THE TASK: The answer should reproduce every entry exactly and contain no images.

ENTRIES SUPPLIED:
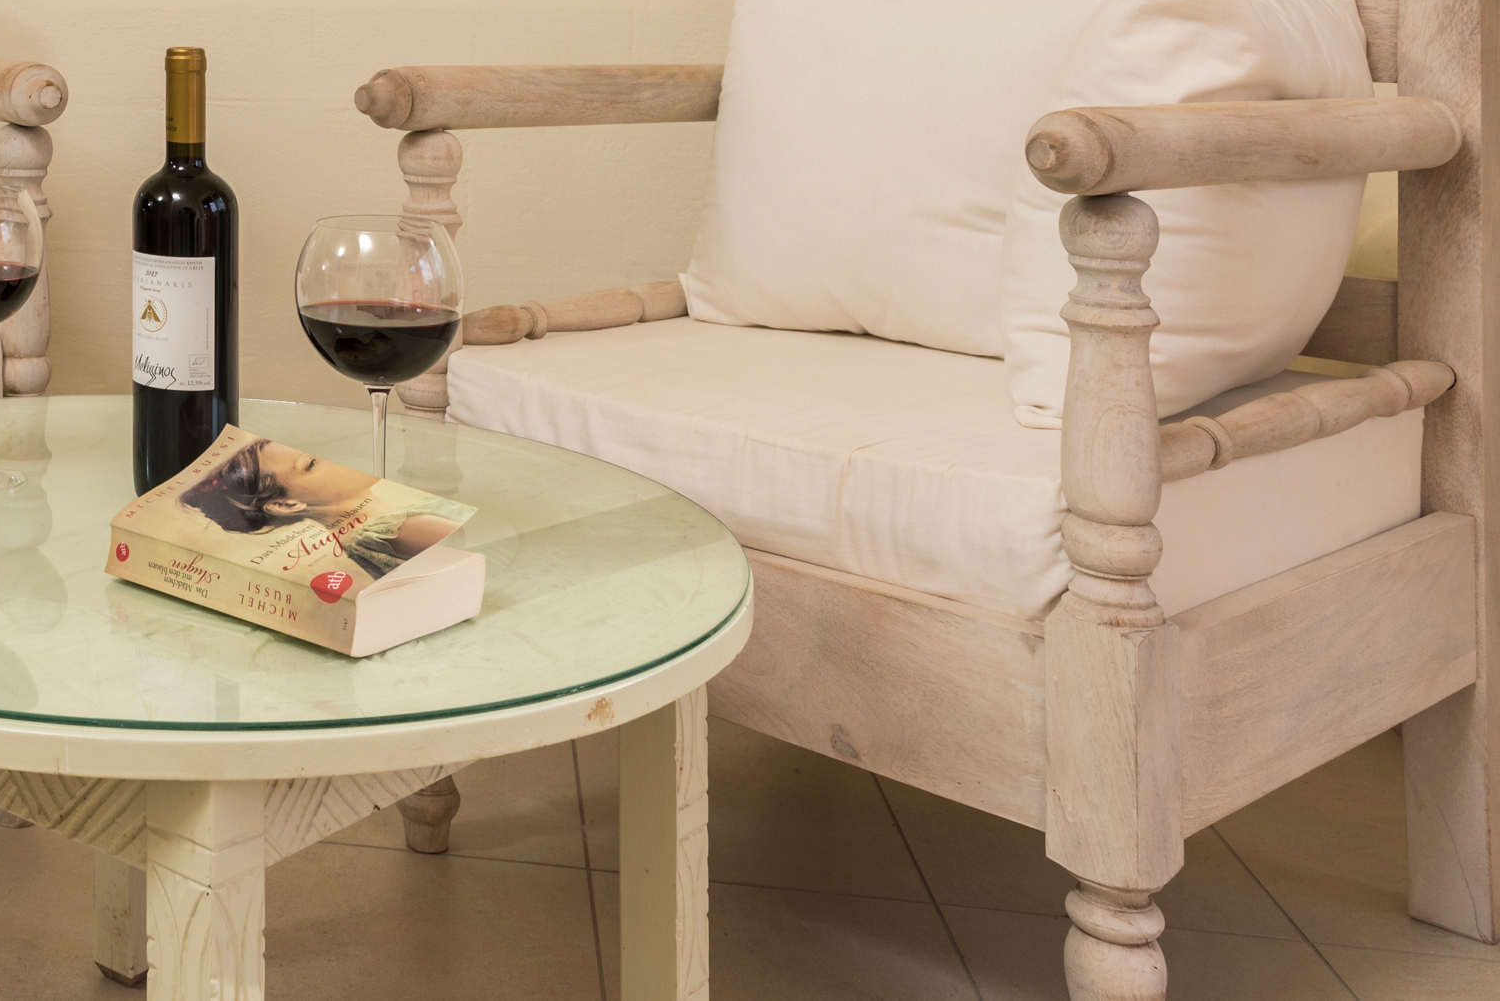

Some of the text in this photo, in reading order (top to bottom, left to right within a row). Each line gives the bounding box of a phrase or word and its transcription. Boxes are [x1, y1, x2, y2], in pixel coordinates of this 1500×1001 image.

[125, 436, 235, 518] MICHEL BUSSI
[309, 498, 373, 540] mit den blauen
[119, 542, 127, 556] atb
[250, 524, 316, 565] Das Mädchen
[282, 513, 368, 571] Augen
[148, 561, 193, 581] mit den blauen
[168, 553, 221, 585] Augen
[327, 571, 346, 590] atb
[164, 576, 208, 598] Das Mädchen
[247, 581, 292, 604] BUSSI
[239, 593, 298, 621] MICHEL
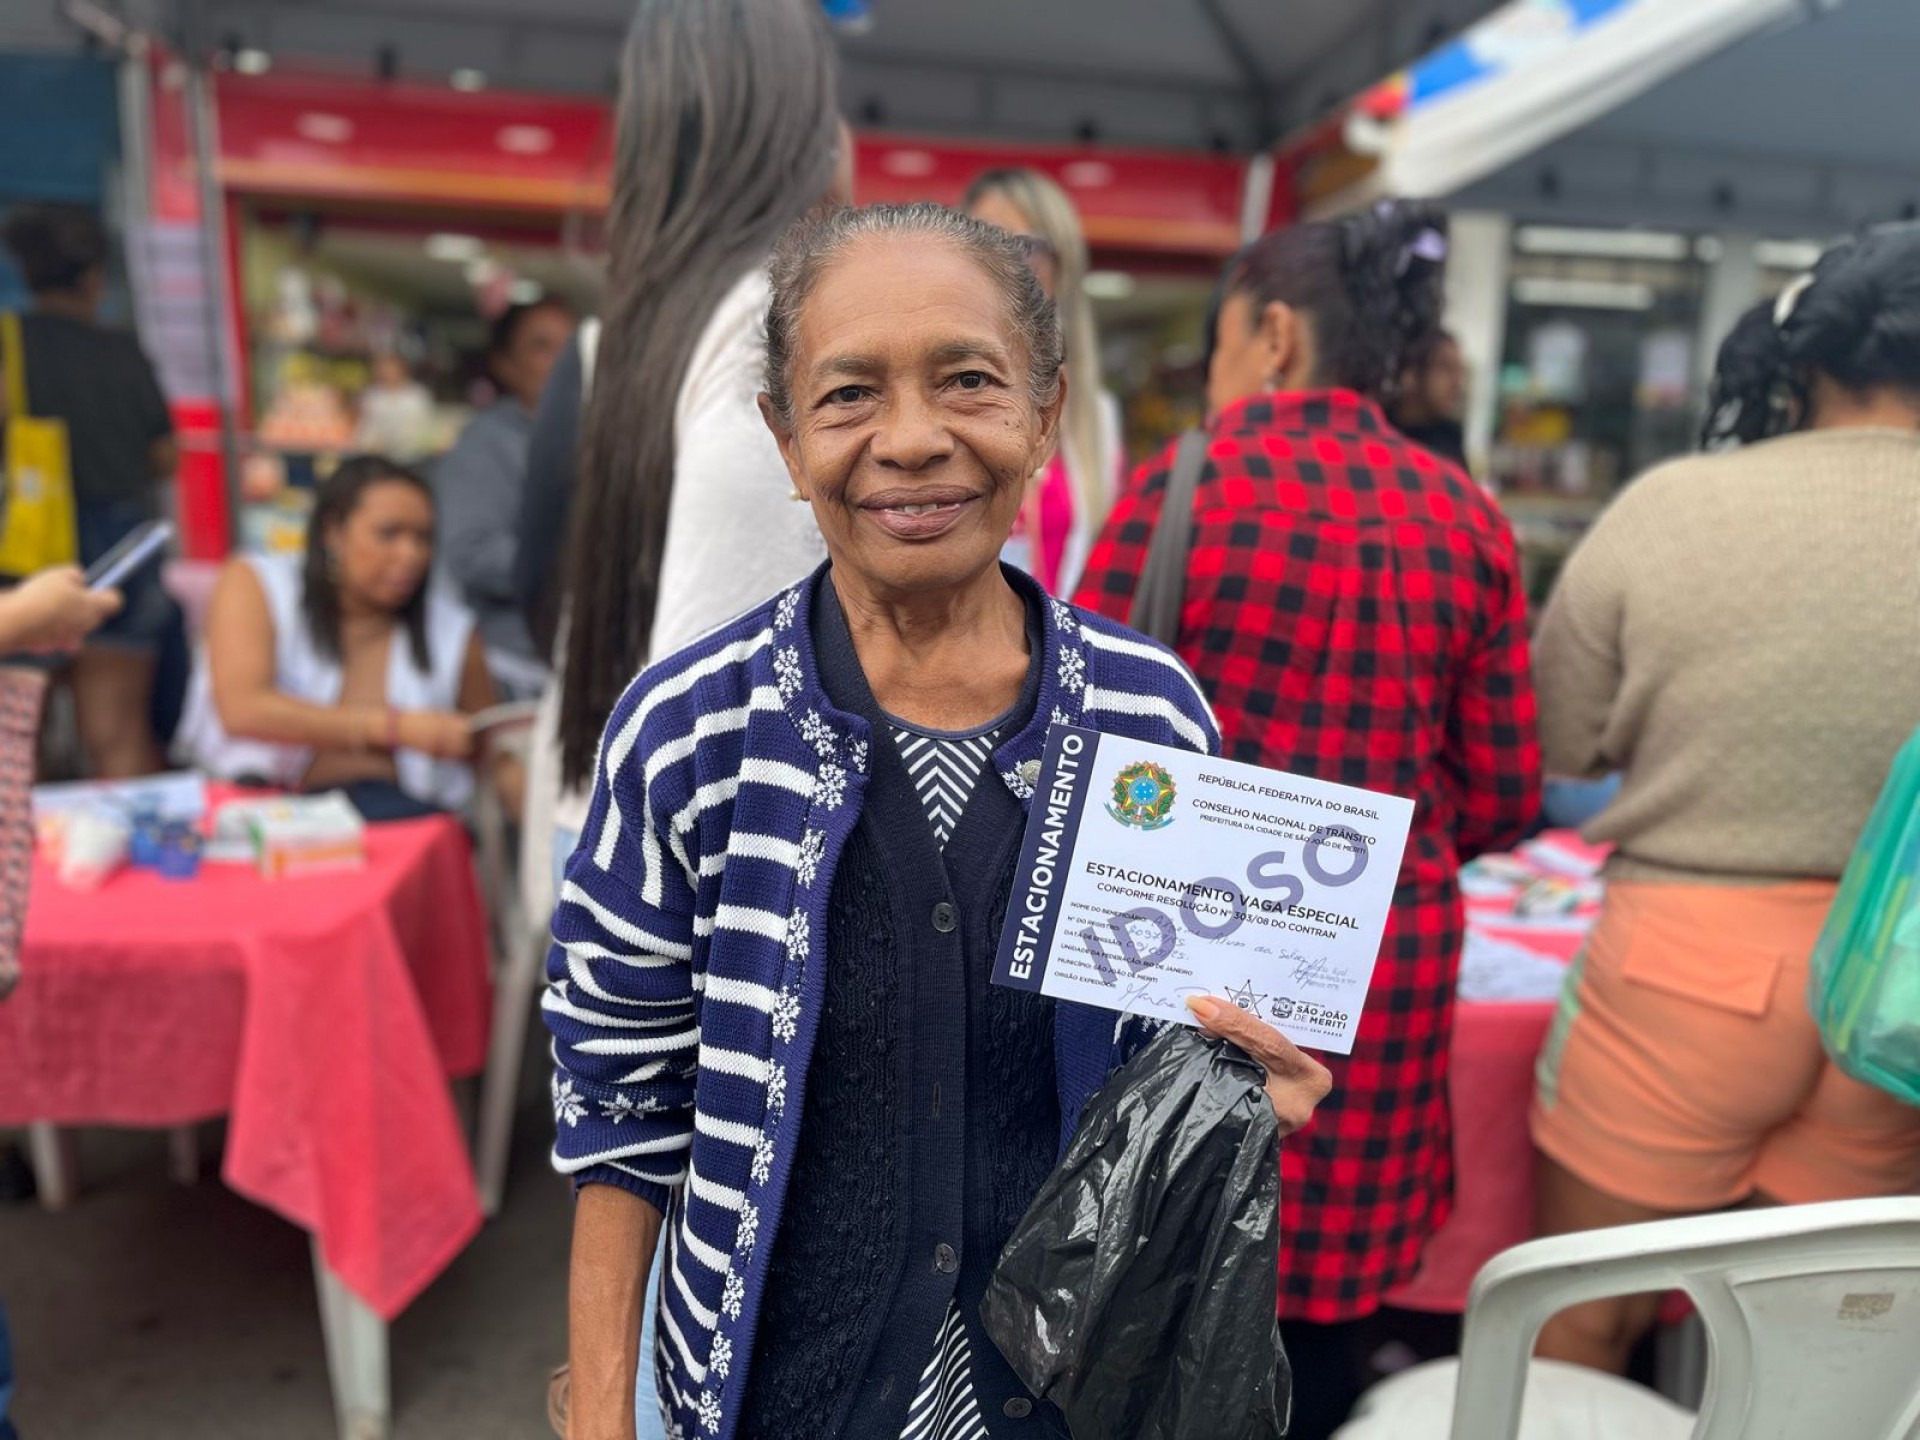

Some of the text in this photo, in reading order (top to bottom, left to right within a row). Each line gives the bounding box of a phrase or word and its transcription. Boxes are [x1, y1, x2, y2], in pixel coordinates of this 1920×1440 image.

[1198, 772, 1380, 819] REPÚBLICA FEDERATIVA DO BRASIL
[1191, 798, 1377, 845] CONSELHO NACIONAL DE TRÂNSITO
[1199, 813, 1242, 828] PREFEITURA
[1255, 825, 1282, 836] CIDADE
[1283, 831, 1294, 839] DE
[1295, 832, 1310, 842] SÃO
[1310, 836, 1331, 847] JOÃO
[1331, 841, 1341, 849] DE
[1342, 844, 1366, 855] MERITI
[1009, 734, 1084, 980] ESTACIONAMENTO
[1070, 901, 1089, 910] NOME
[1080, 824, 1369, 985] IDOSO
[1085, 861, 1360, 929] ESTACIONAMENTO VAGA ESPECIAL
[1096, 881, 1154, 901] CONFORME
[1156, 893, 1218, 915] RESOLUÇÃO
[1233, 911, 1269, 926] 303/08
[1271, 919, 1285, 929] DO
[1287, 922, 1336, 939] CONTRAN
[1063, 929, 1082, 938] DATA
[1060, 943, 1089, 954] UNIDADE
[1165, 965, 1192, 976] JANEIRO
[1092, 963, 1107, 972] SÃO
[1108, 966, 1126, 976] JOÃO
[1136, 973, 1158, 983] MERITI
[1293, 1013, 1346, 1030] DE MERITI
[1296, 1003, 1348, 1021] SÃO JOÃO
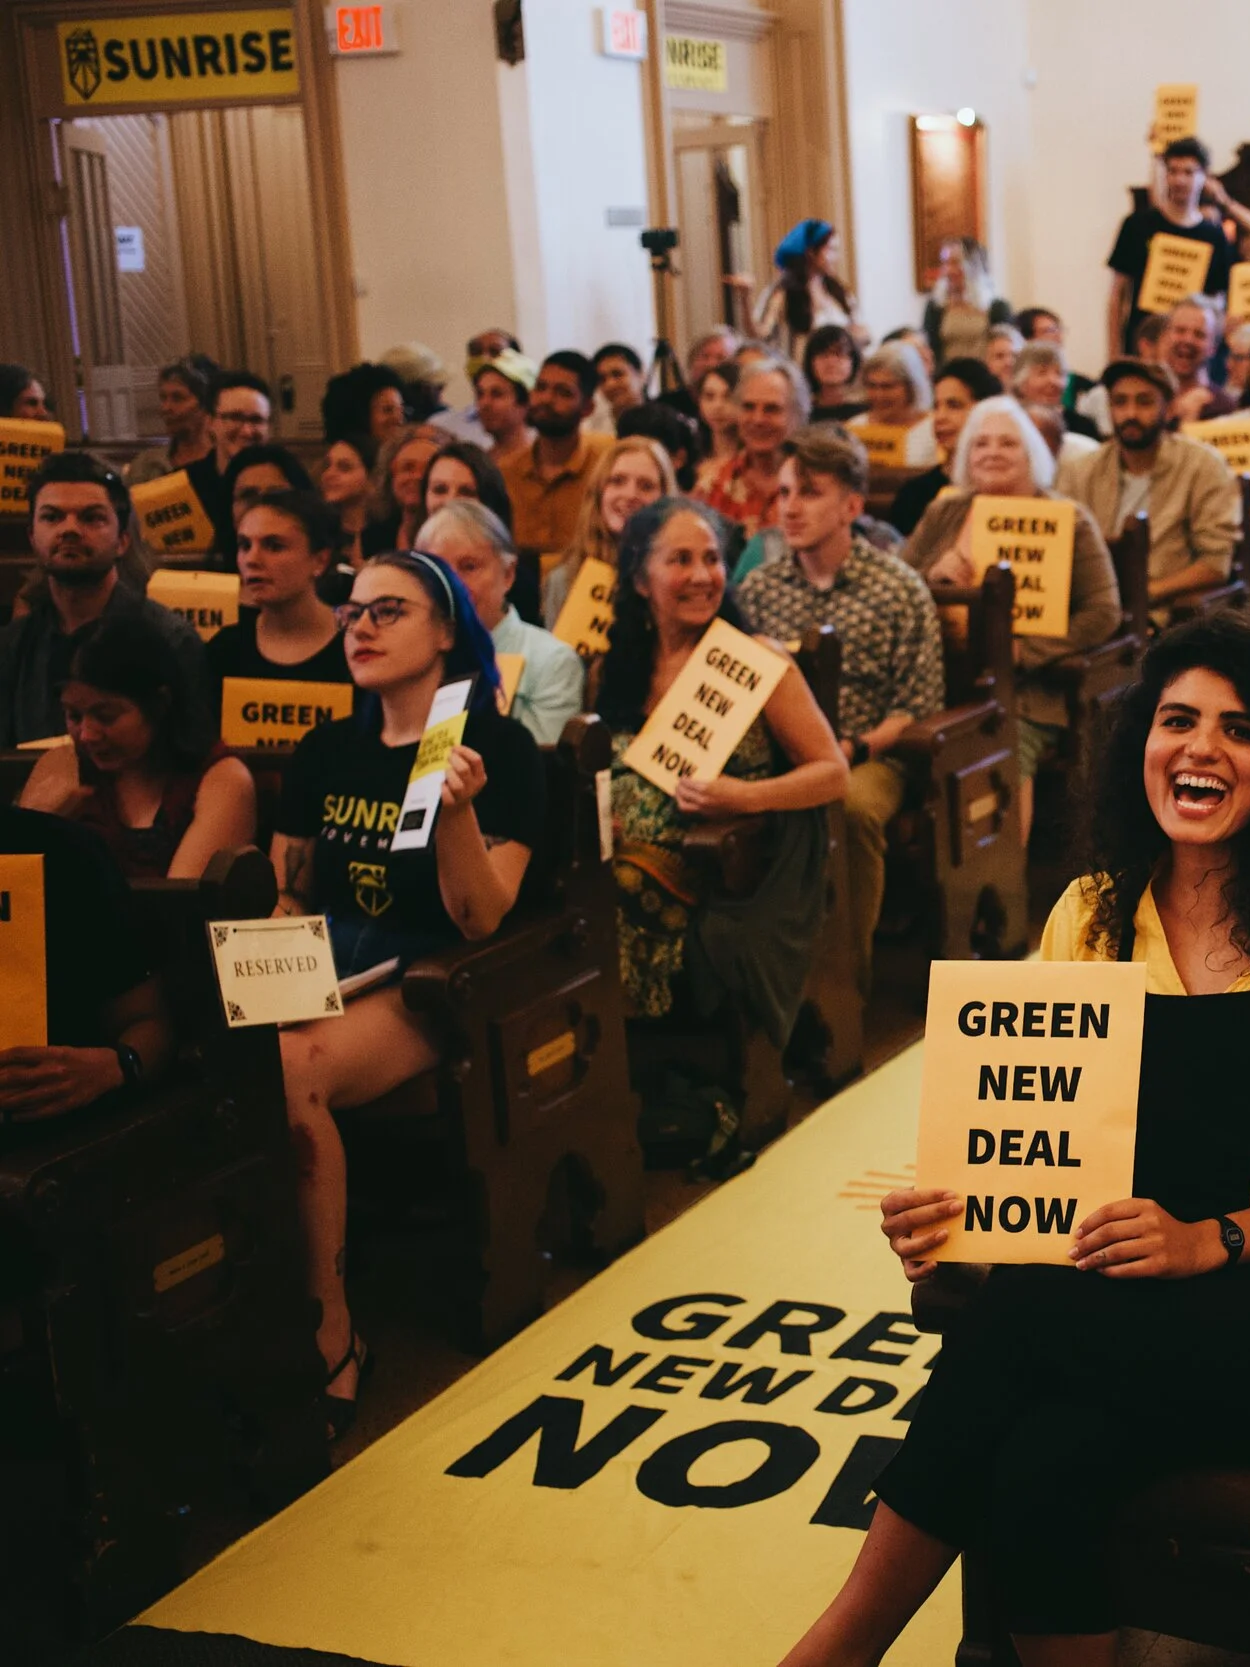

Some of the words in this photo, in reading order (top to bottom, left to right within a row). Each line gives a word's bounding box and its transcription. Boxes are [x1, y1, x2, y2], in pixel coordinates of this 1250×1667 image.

[337, 6, 383, 51] EXIT
[104, 28, 294, 82] SUNRISE
[986, 516, 1059, 535] GREEN
[997, 545, 1046, 562] NEW
[1019, 575, 1046, 593] AL
[1012, 603, 1045, 620] OW
[705, 647, 762, 692] GREEN
[241, 701, 333, 726] GREEN
[693, 683, 734, 718] NEW
[672, 712, 715, 752] DEAL
[651, 743, 698, 778] NOW
[323, 793, 400, 833] SUNR
[234, 955, 318, 978] RESERVED
[957, 1001, 1110, 1039] GREEN
[978, 1065, 1082, 1102] NEW
[967, 1128, 1081, 1168] DEAL
[964, 1195, 1078, 1235] NOW
[631, 1292, 940, 1369] GRE
[554, 1344, 814, 1405] NEW

REPLY:
Some of the text in this photo, in reading order (top to bottom, left to right within a row). Each line gives the bounding box of a phrase or word and its transcription. Boxes are [x1, y1, x2, y2], in pixel coordinates of this 1500×1001 image.

[125, 436, 235, 518] MICHEL BUSSI
[309, 498, 373, 540] mit den blauen
[119, 542, 127, 556] atb
[250, 524, 316, 565] Das Mädchen
[282, 513, 368, 571] Augen
[148, 561, 193, 581] mit den blauen
[168, 553, 221, 585] Augen
[327, 571, 346, 590] atb
[164, 576, 208, 598] Das Mädchen
[247, 581, 292, 604] BUSSI
[239, 593, 298, 621] MICHEL

Some of the text in this photo, in reading order (top to bottom, left to right within a row). Each line gives the bounding box of a phrase or word and its transcription. Boxes are [x1, y1, x2, y2], in pixel coordinates of this 1920×1440 image.

[1198, 772, 1380, 819] REPÚBLICA FEDERATIVA DO BRASIL
[1191, 798, 1377, 845] CONSELHO NACIONAL DE TRÂNSITO
[1199, 813, 1242, 828] PREFEITURA
[1255, 825, 1282, 836] CIDADE
[1283, 831, 1294, 839] DE
[1295, 832, 1310, 842] SÃO
[1310, 836, 1331, 847] JOÃO
[1331, 841, 1341, 849] DE
[1342, 844, 1366, 855] MERITI
[1009, 734, 1084, 980] ESTACIONAMENTO
[1070, 901, 1089, 910] NOME
[1080, 824, 1369, 985] IDOSO
[1085, 861, 1360, 929] ESTACIONAMENTO VAGA ESPECIAL
[1096, 881, 1154, 901] CONFORME
[1156, 893, 1218, 915] RESOLUÇÃO
[1233, 911, 1269, 926] 303/08
[1271, 919, 1285, 929] DO
[1287, 922, 1336, 939] CONTRAN
[1063, 929, 1082, 938] DATA
[1060, 943, 1089, 954] UNIDADE
[1165, 965, 1192, 976] JANEIRO
[1092, 963, 1107, 972] SÃO
[1108, 966, 1126, 976] JOÃO
[1136, 973, 1158, 983] MERITI
[1293, 1013, 1346, 1030] DE MERITI
[1296, 1003, 1348, 1021] SÃO JOÃO

Some of the words in this photo, in reading order (top to bottom, left to right within a row). Each line gives a word's bounding box and its transcription. Boxes are [x1, y1, x2, y2], in pixel coordinates of this 1250×1667 image.

[337, 6, 383, 51] EXIT
[104, 28, 294, 82] SUNRISE
[986, 516, 1059, 535] GREEN
[997, 545, 1046, 562] NEW
[1019, 575, 1046, 593] AL
[1012, 603, 1045, 620] OW
[705, 647, 762, 692] GREEN
[241, 701, 333, 726] GREEN
[693, 683, 734, 718] NEW
[672, 712, 715, 752] DEAL
[651, 743, 698, 778] NOW
[323, 793, 400, 833] SUNR
[234, 955, 318, 978] RESERVED
[957, 1001, 1110, 1039] GREEN
[978, 1065, 1082, 1102] NEW
[967, 1128, 1081, 1168] DEAL
[964, 1195, 1078, 1235] NOW
[631, 1292, 940, 1369] GRE
[554, 1344, 814, 1405] NEW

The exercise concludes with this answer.